» Work item: Set the records down again exactly, apart from any pictures in them.

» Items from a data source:
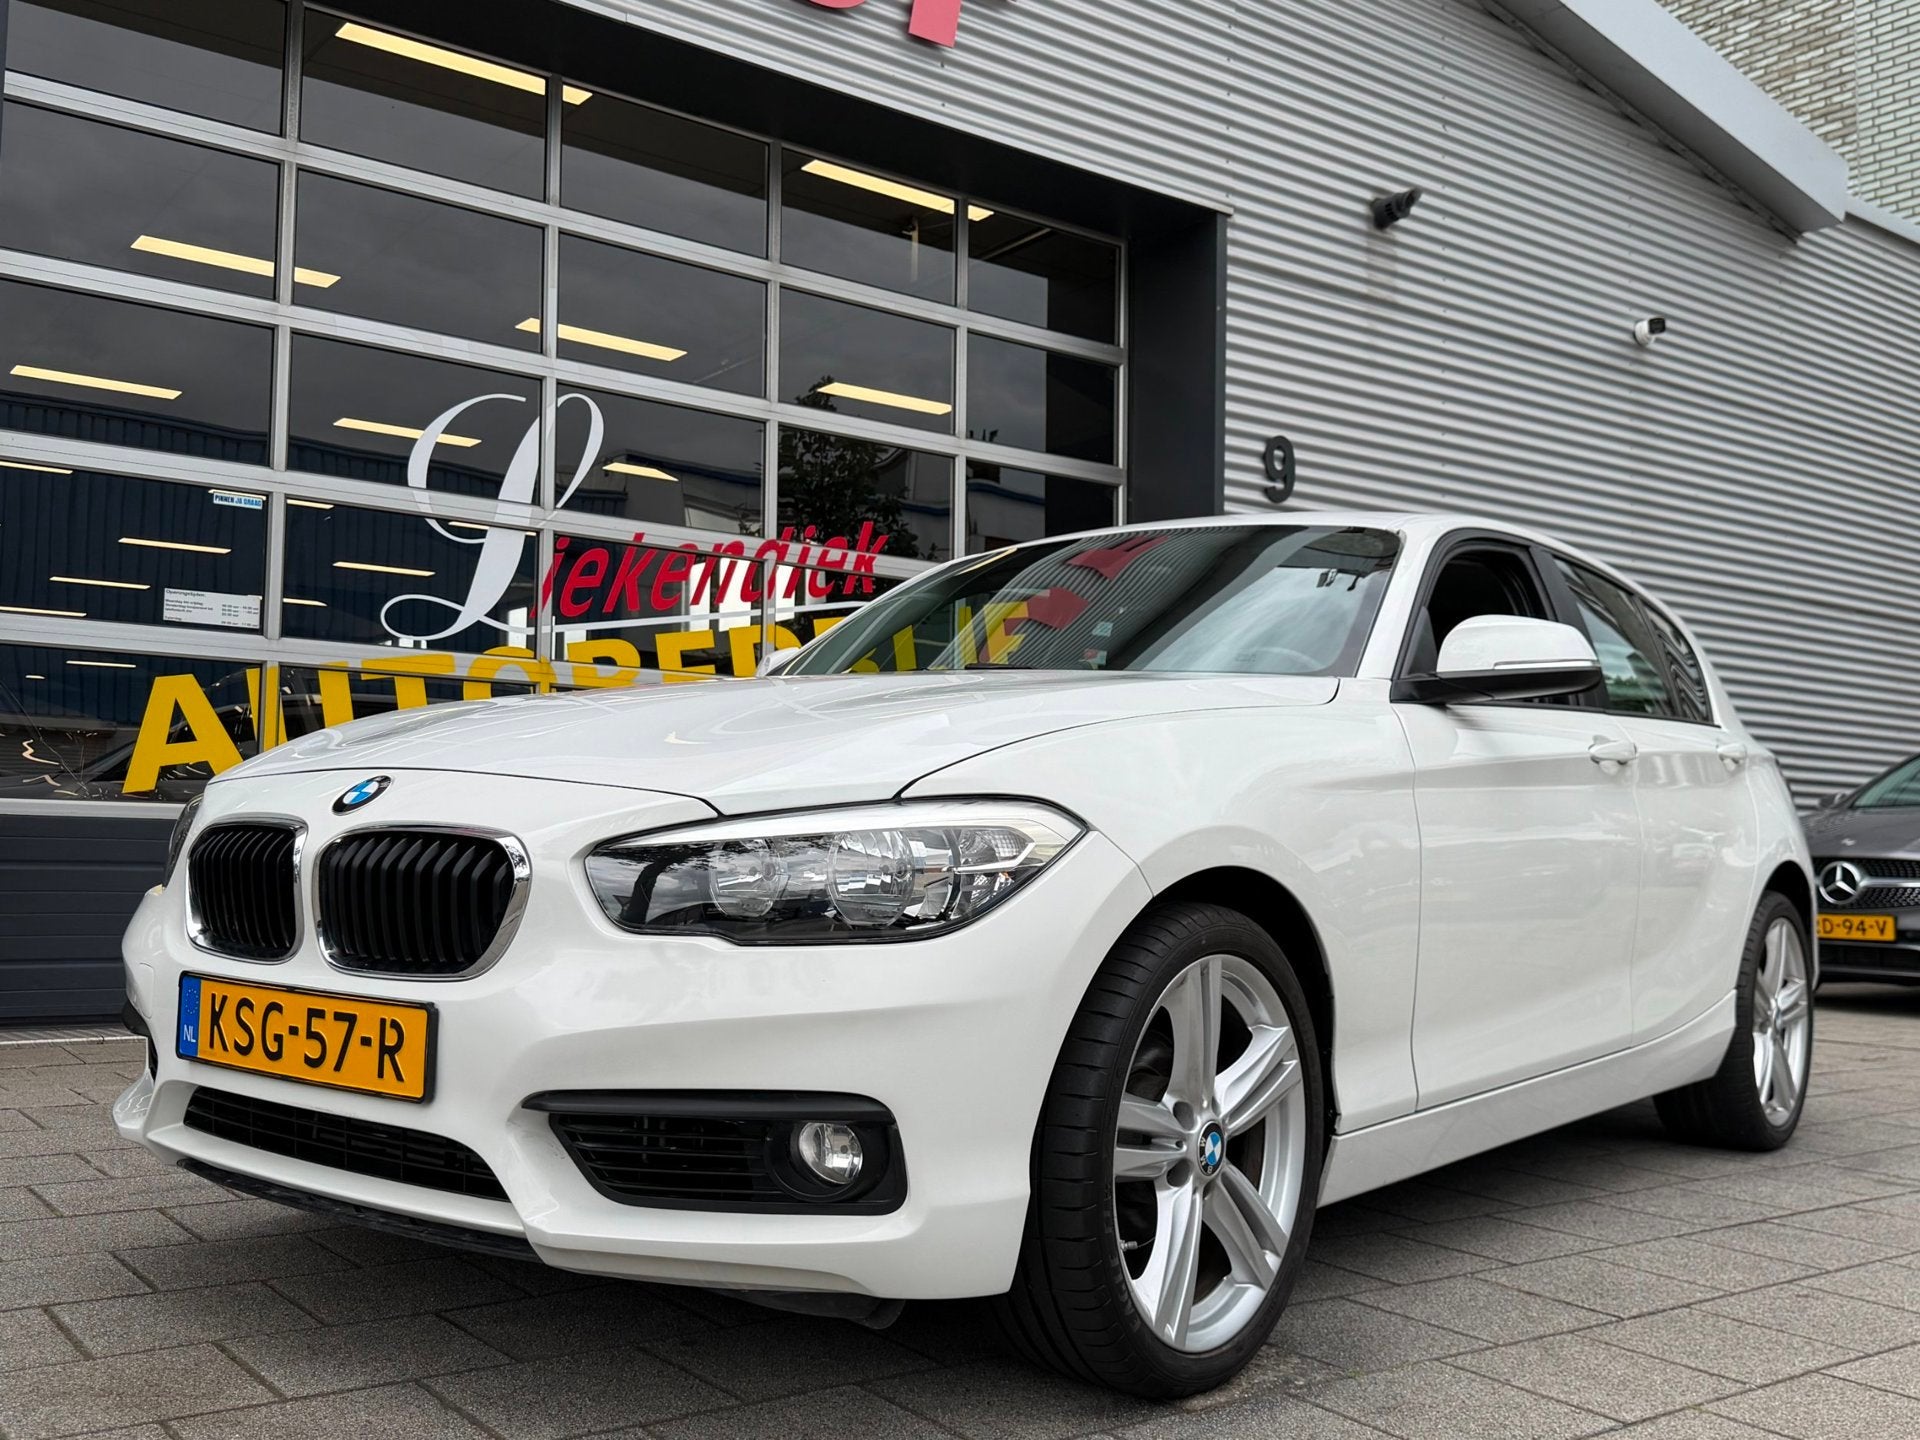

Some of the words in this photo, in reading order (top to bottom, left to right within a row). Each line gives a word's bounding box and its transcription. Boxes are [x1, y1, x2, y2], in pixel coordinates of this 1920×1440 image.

[1262, 436, 1295, 504] 9
[380, 393, 889, 642] Liekendiek
[183, 1024, 196, 1043] NL
[209, 992, 405, 1083] KSG-57-R
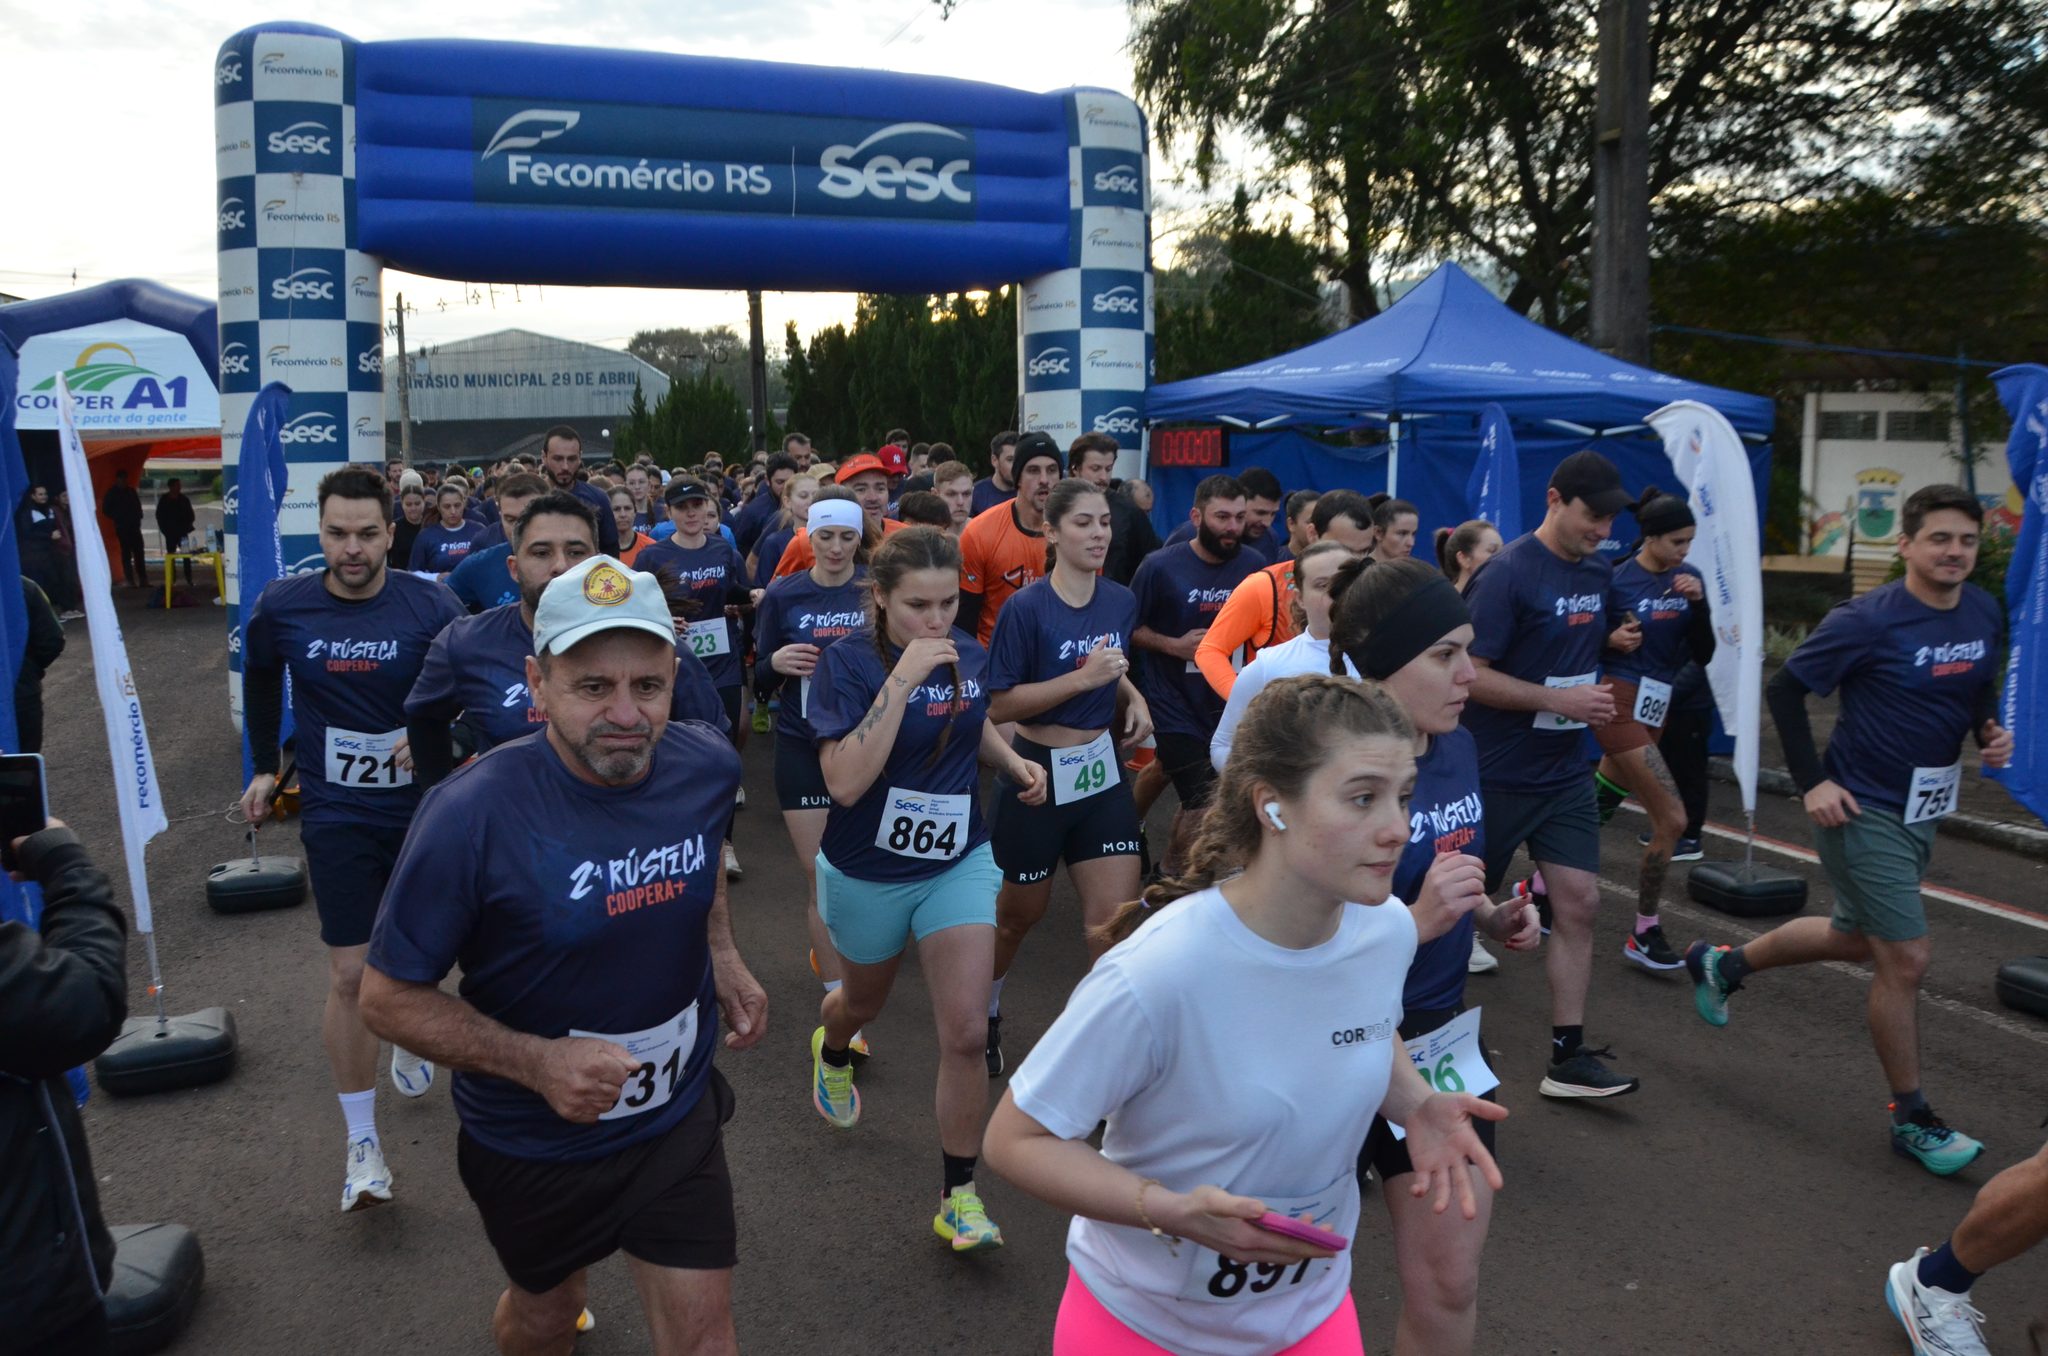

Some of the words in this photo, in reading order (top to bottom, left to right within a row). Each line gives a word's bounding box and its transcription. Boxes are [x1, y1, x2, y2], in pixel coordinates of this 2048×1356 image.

» Task output:
Some of the words in this photo, in reading order (top to bottom, left to right within a row). Each line gives a word's bounding box and its transcription. Boxes are [x1, y1, x2, y2], in pixel coordinates of this 1920×1440 image.

[1262, 436, 1295, 504] 9
[380, 393, 889, 642] Liekendiek
[183, 1024, 196, 1043] NL
[209, 992, 405, 1083] KSG-57-R

Some of the words in this photo, in reading order (top to bottom, left to right within a row). Each line gives a word's bounding box and its transcription. Boxes are [x1, y1, x2, y2], in pixel coordinates of this 2048×1356 image.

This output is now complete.